··· Data supplied

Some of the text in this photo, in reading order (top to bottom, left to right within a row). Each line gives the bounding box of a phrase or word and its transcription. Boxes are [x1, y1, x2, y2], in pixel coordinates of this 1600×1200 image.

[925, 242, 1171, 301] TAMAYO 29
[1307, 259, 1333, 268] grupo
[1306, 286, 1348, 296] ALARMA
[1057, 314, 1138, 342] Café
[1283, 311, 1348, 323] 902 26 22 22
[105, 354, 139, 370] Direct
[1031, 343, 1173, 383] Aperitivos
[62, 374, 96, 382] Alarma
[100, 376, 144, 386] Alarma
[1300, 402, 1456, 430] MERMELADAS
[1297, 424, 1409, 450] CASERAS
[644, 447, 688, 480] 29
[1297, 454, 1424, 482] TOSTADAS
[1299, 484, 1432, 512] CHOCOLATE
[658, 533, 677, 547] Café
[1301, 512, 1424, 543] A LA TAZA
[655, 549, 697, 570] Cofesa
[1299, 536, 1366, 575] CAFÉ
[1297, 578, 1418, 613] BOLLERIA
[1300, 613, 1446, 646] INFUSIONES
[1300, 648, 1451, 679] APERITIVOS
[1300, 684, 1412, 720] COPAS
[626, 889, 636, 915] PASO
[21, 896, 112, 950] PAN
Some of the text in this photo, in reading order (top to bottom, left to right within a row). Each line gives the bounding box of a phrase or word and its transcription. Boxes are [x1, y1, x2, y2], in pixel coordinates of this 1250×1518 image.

······

Reproduce all of the data exactly as given.

Some of the text in this photo, in reading order (top to bottom, left to right within a row). Each line gives the bounding box of a phrase or word and its transcription. Boxes are [x1, y1, x2, y2], in pixel coordinates of this 1600×1200 image.

[925, 242, 1171, 301] TAMAYO 29
[1307, 259, 1333, 268] grupo
[1306, 286, 1348, 296] ALARMA
[1057, 314, 1138, 342] Café
[1283, 311, 1348, 323] 902 26 22 22
[105, 354, 139, 370] Direct
[1031, 343, 1173, 383] Aperitivos
[62, 374, 96, 382] Alarma
[100, 376, 144, 386] Alarma
[1300, 402, 1456, 430] MERMELADAS
[1297, 424, 1409, 450] CASERAS
[644, 447, 688, 480] 29
[1297, 454, 1424, 482] TOSTADAS
[1299, 484, 1432, 512] CHOCOLATE
[658, 533, 677, 547] Café
[1301, 512, 1424, 543] A LA TAZA
[655, 549, 697, 570] Cofesa
[1299, 536, 1366, 575] CAFÉ
[1297, 578, 1418, 613] BOLLERIA
[1300, 613, 1446, 646] INFUSIONES
[1300, 648, 1451, 679] APERITIVOS
[1300, 684, 1412, 720] COPAS
[626, 889, 636, 915] PASO
[21, 896, 112, 950] PAN
Some of the text in this photo, in reading order (top to bottom, left to right within a row). Each line gives the bounding box of a phrase or word and its transcription. Boxes are [x1, y1, x2, y2], in pixel coordinates of this 1250×1518 image.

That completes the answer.